Même les cadres supérieurs ne voient pas les inconvénients de cette méthode, à savoir la quantité de travail excessive imposée aux meilleurs éléments risquant de conduire à leur démission, car, comme beaucoup d’autres, ils n’ont pas connaissance des nombreuses demandes faites à ces employés.

En 2011, dans un article expliquant comment le travail collaboratif contribue au turnover, Rob Cross et ses collègues ont écrit :  » au cours de nos recherches, nous nous sommes souvent entretenus avec des directeurs qui ne comprenaient pas pourquoi la productivité d’un employé chutait jusqu’à ce qu’ils s’aperçoivent à quel point celui-ci était débordé ».

En d’autres termes, les directeurs pensent être les seuls à solliciter un salarié sans se rendre compte que ce dernier ne sait en fait plus où donner de la tête et croule sous les demandes de ses autres collègues. Alors, quand il fait un burn-out ou, pire encore, quand il quitte l’entreprise, ses supérieurs ne comprennent pas pourquoi.

Pourtant, tout le monde comprend qu’ils puissent se sentir dépassés. M. Cross affirme que tout le monde tremble à l’idée de voir une réunion ajoutée à son emploi du temps déjà surchargé.

En étudiant les réseaux collaboratifs, M. Cross souhaite montrer par des données comment tout le monde réagit à cette méthode de travail pour que les entreprises puissent prendre des mesures afin de lutter contre le surmenage.

Les données les plus probantes sont représentés dans un graphique que l’on retrouve dans l’article de la Harvard Business Review. Ce graphique est basé sur des données que les auteurs ont collectées auprès des directeurs de vingt entreprises. D’après leurs résultats, plus une personne est considérée efficace et plus elle est sollicitée par ses collègues, moins elle est engagée dans son travail.

M. Cross appelle ce phénomène « le syndrome de la réussite » car plus vous êtes compétent, plus on en attend de vous.

Cela se produit souvent quand un leader accède à un poste avec plus de responsabilités car il doit gérer deux types de rapports en même temps : ceux avec ses nouveaux collègues et ceux avec ses anciens collègues qui continuent de le solliciter.

Très rapidement, leurs journées se remplissent ; ils sont obligés de planifier des réunions à des intervalles plus courts.
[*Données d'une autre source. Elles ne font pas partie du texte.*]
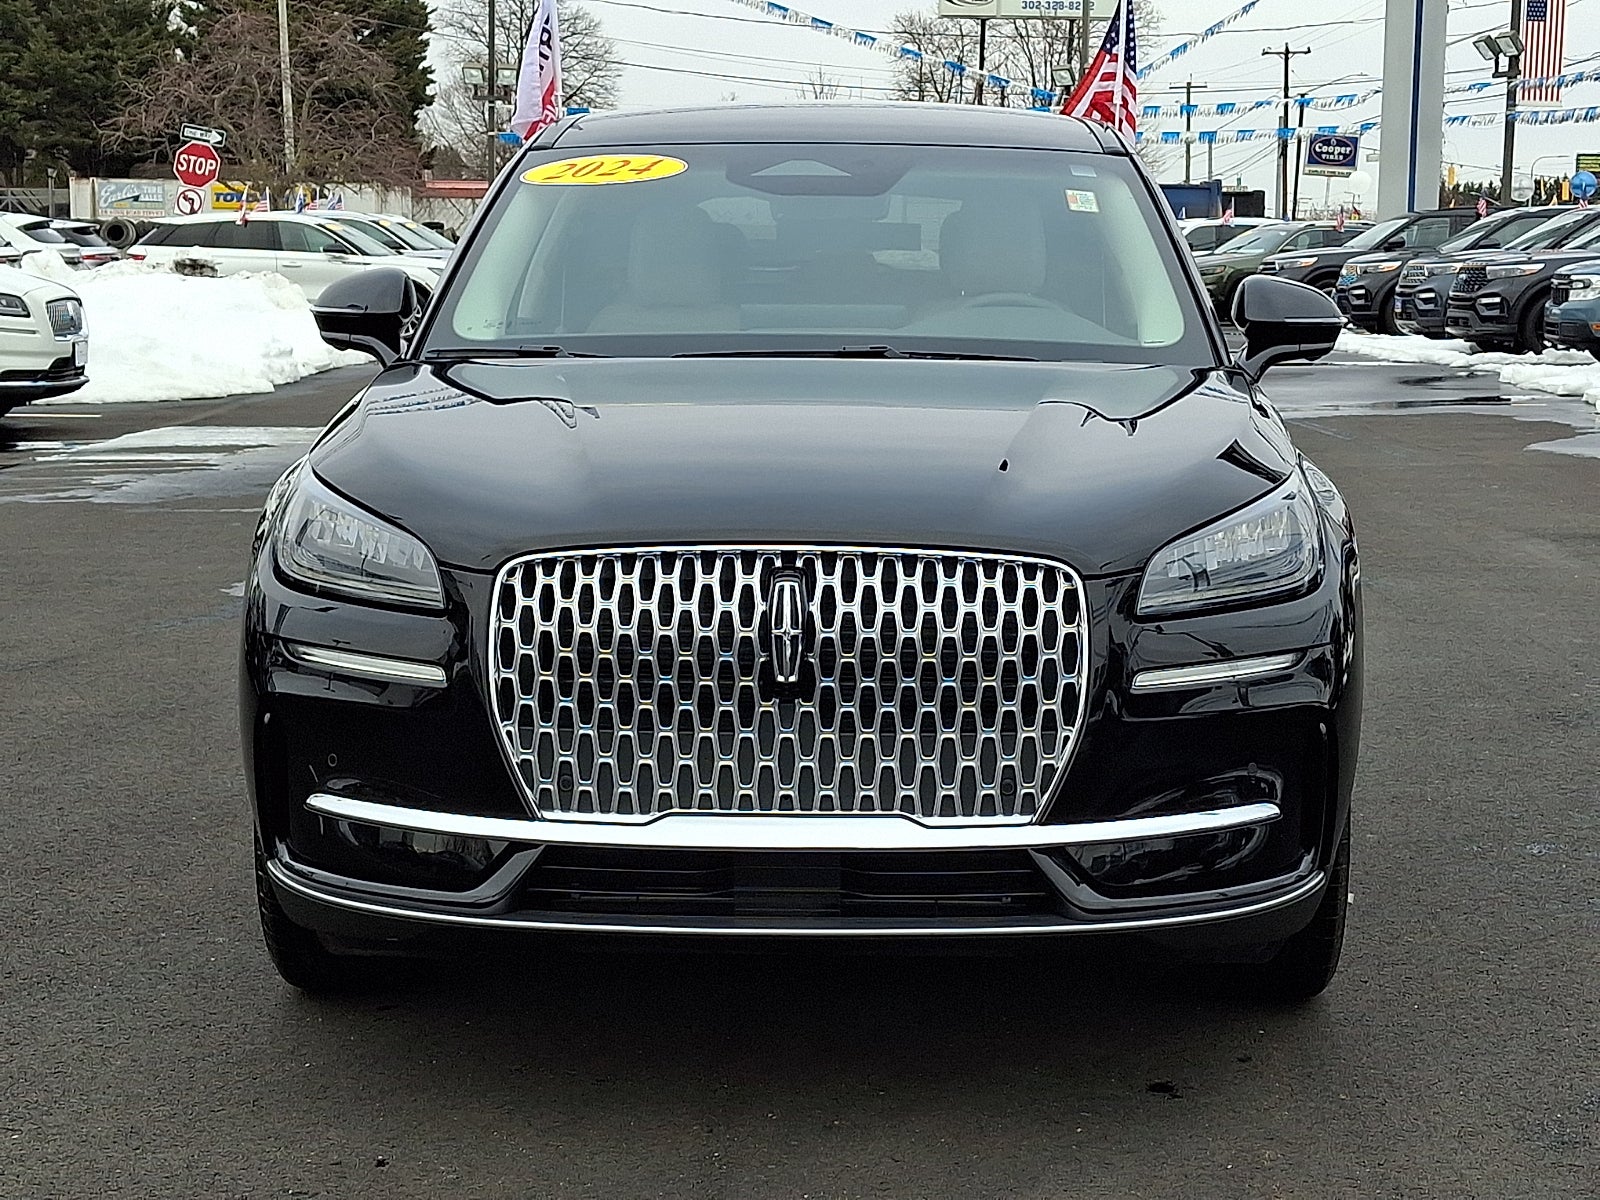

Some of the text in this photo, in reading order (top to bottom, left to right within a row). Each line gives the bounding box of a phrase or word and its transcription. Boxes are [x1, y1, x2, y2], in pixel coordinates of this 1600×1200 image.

[1021, 0, 1095, 11] 302-328-822
[1315, 143, 1351, 155] Cooper
[178, 154, 216, 176] STOP
[541, 159, 665, 181] 2024
Une fois chez eux, ils continuent de répondre à leurs e-mails professionnels.

« C’est cette pression permanente due à la gestion des différents types de réunions, d’e-mails et d’appels qui conduit au burn-out. Elle affecte leur capacité à innover, leur créativité et d’autres qualités essentielles à leur réussite  » affirme M. Cross.

Parallèlement, M. Cross et ses collègues ont découvert que certaines personnes sont moins susceptibles de craquer en travaillant dans ces circonstances. Elles sont capables de faire face aux demandes de plus en plus nombreuses tout en restant efficaces.
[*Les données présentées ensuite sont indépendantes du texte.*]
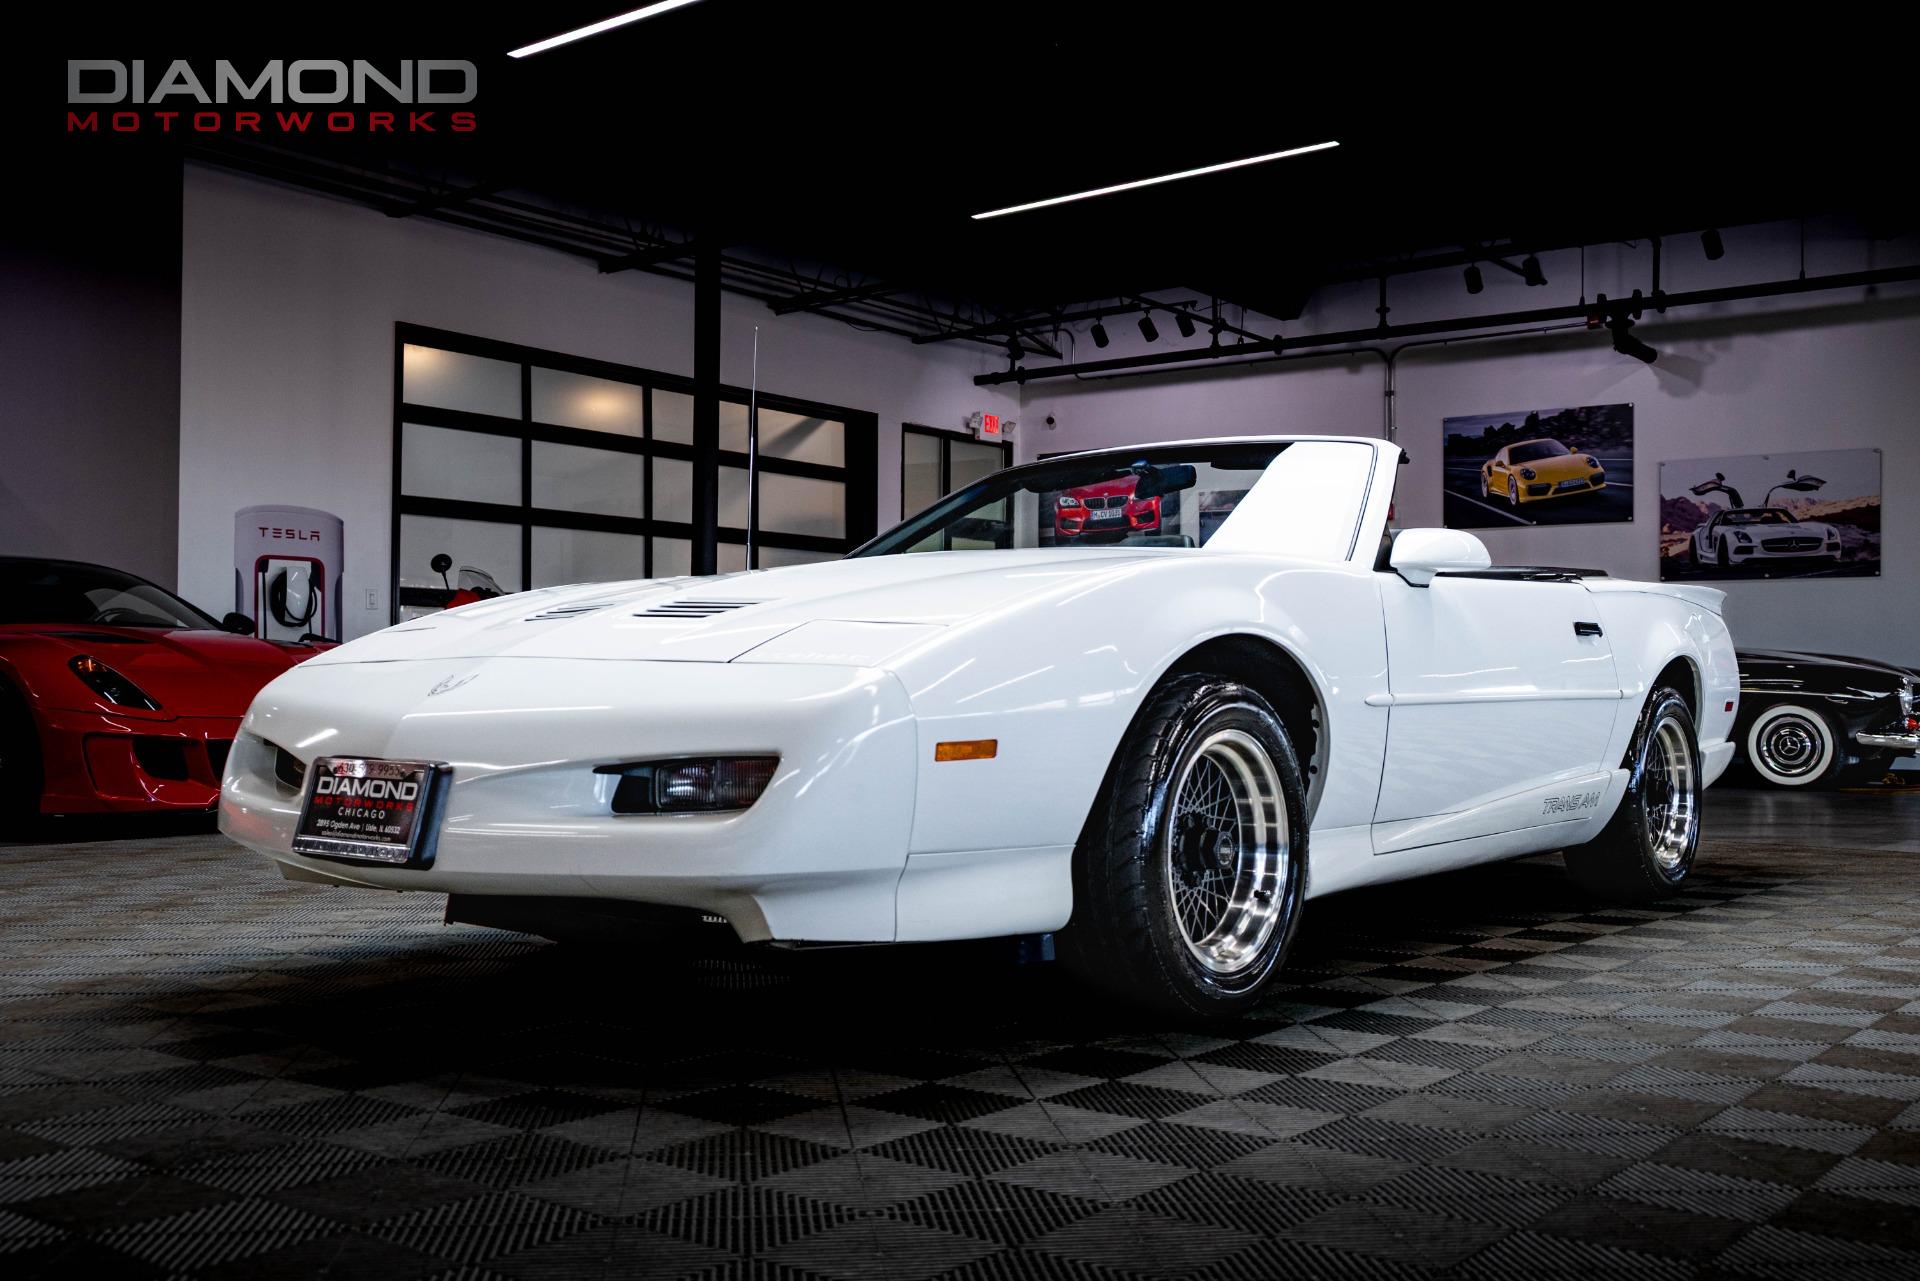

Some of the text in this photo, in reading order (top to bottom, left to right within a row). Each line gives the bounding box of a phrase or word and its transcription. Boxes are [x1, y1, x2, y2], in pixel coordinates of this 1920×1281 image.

[984, 415, 999, 433] EXIT
[258, 527, 321, 542] TESLA
[316, 776, 418, 801] DIAMOND
[313, 796, 415, 812] MOTORWORKS
[1542, 791, 1601, 815] TRANS AM
[337, 806, 386, 820] CHICAGO
[330, 819, 349, 830] Ogden
[348, 822, 361, 831] Ave
Elles sont généralement plus sensibles à la façon dont elles passent leur temps en collaboration et utilisent des simples stratégies de gestion du temps qui ont leur importance.

Par exemple, elles réservent des créneaux horaires pour traiter plusieurs e-mails à la fois au lieu de consulter leur boite de réception toutes les deux minutes et elles ne laissent pas la technologie décider des durées des réunions. Même si le réglage par défaut de l’agenda ne permet de planifier que des réunions de 30 minutes minimum, 15 peuvent suffire.

M.Cross et son équipe recherchent actuellement un moyen de développer ces capacités chez les employés susceptibles de faire un burn-out. Ils suggèrent de consulter votre agenda et votre boite mail et de rayer, sur une période de quatre mois, toutes les réunions et demandes d’informations qui ne vous concernent plus.

De leur côté, les entreprises peuvent prendre des mesures pour empêcher leurs meilleurs éléments de se retrouver sous l’eau et de démissionner.

Les directeurs doivent se rendre compte que les réunions régulières et périodiques prennent énormément de temps. Les cadres supérieurs devraient se pencher sur la question des réunions et des processus de prise de décision en groupe et vérifier si toutes les personnes impliquées sont indispensables.

Dans l’article de la Harvard Business Review, les auteurs recommandent aux employeurs « d’aider les employés les plus actifs et surchargés à filtrer et hiérarchiser les demandes, de leur donner la permission d’en refuser (ou d’y accorder seulement la moitié du temps requis) et de les encourager à faire appel à une tierce personne lorsque la demande en question ne nécessite pas leur unique contribution.

Les auteurs vont jusqu’à suggérer que les entreprises engagent des « chief collaboration officers », c’est à dire un employé qui serait en charge de l’organisation du travail collaboratif.

Même si une prise de conscience collective mettra du temps à se produire, les entreprises seront contraintes, un jour ou l’autre, de s’intéresser aux effets de la surcharge de travail due au travail collaboratif sur l’efficacité des employés, au burn-out et au turnover.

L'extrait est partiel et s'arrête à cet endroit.